Barnes & Noble's Nook is analogous to Amazon's Kindle platform. It started life as an e-reader with gray scale E Ink devices that could do one thing, read ebooks (ePubs, in this case). Like Amazon, and before amazon, Barnes & Noble used Android to develop a color tablet dedicated to accessing its own content.

The Nook Color Tablet and its successors have been fairly successful, but Barnes & Noble doesn't have anywhere near the content library that Amazon, Apple, and Google have. Nook Video will help narrow that gap by bringing major studio and network TV content to the platform.

The company listed HBO, Sony Pictures Home Entertainment, STARZ, Viacom and Warner Bros. Entertainment, and The Walt Disney Studios. Movie and TV show titles include, Toy Story 3, The Avengers, 21 Jump Street, Awkward, The Artist, Breaking Bad, Dora the Explorer, The Daily Show with Jon Stewart, Spartacus, Magic City, The Walking Dead, True Blood, Game of Thrones, Harry Potter movies, The Dark Knight, and The Hangover.

Barnes & Noble's Nook tablets are known for offering little storage for user-content, and they don't come with a lot to begin with (8GB for Nook Color, 8GB or 16GB for Nook Tablet). The company is getting around this by storing your streaming videos and purchased videos in Nook Cloud, cloud-based infrastructure set up for the platform.
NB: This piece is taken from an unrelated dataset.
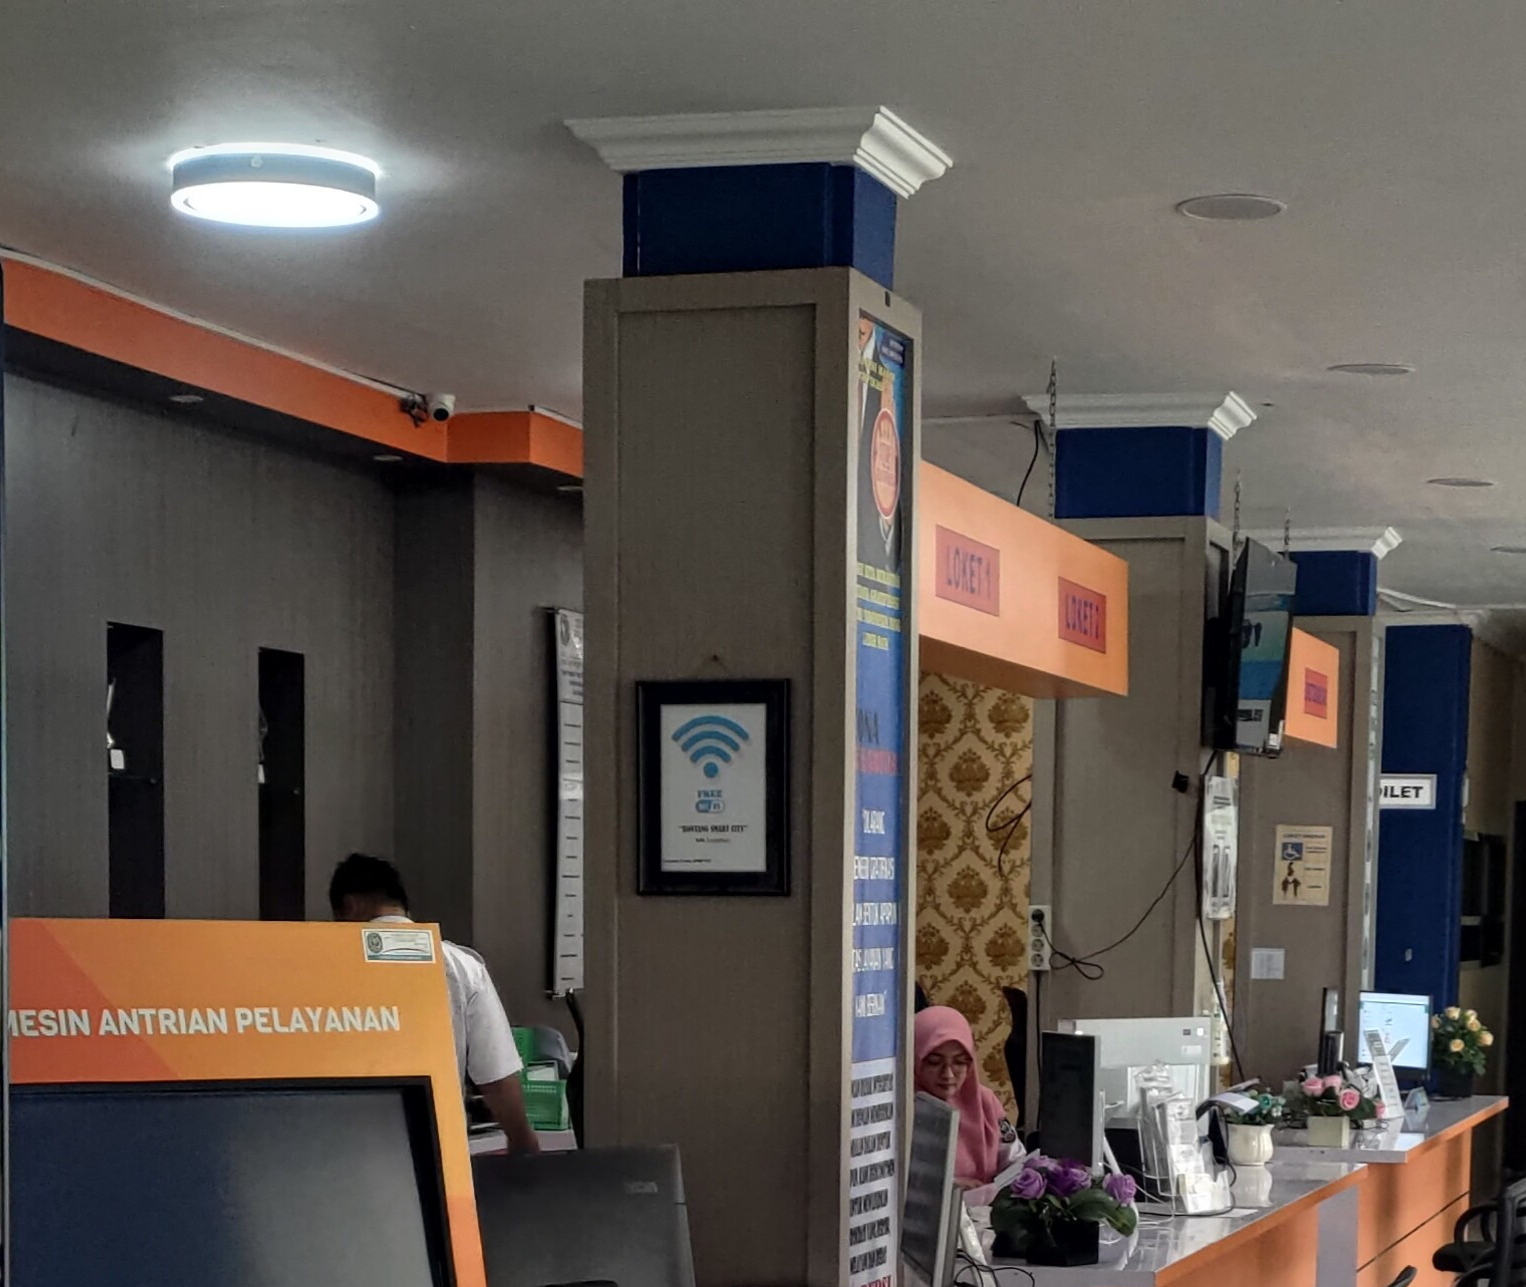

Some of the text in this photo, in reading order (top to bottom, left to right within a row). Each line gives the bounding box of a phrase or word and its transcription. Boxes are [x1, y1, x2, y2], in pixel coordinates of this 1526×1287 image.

[946, 546, 982, 597] LOKET
[1379, 785, 1423, 798] ILET
[99, 1007, 228, 1035] ANTRIAN
[235, 1006, 400, 1034] PELAYANAN
That does, of course, mean that an Internet connection will be required to watch most videos, but we won't know more about the specifics until the service is launched.

Nook Video also supports Ultraviolet, the studio-owned service that gives DVD and Blu-ray owners access to digital copies of their movies online.

Nook Video will be launched this fall in the U.S. and by Christmas in the UK. The company hasn't announced other markets yet.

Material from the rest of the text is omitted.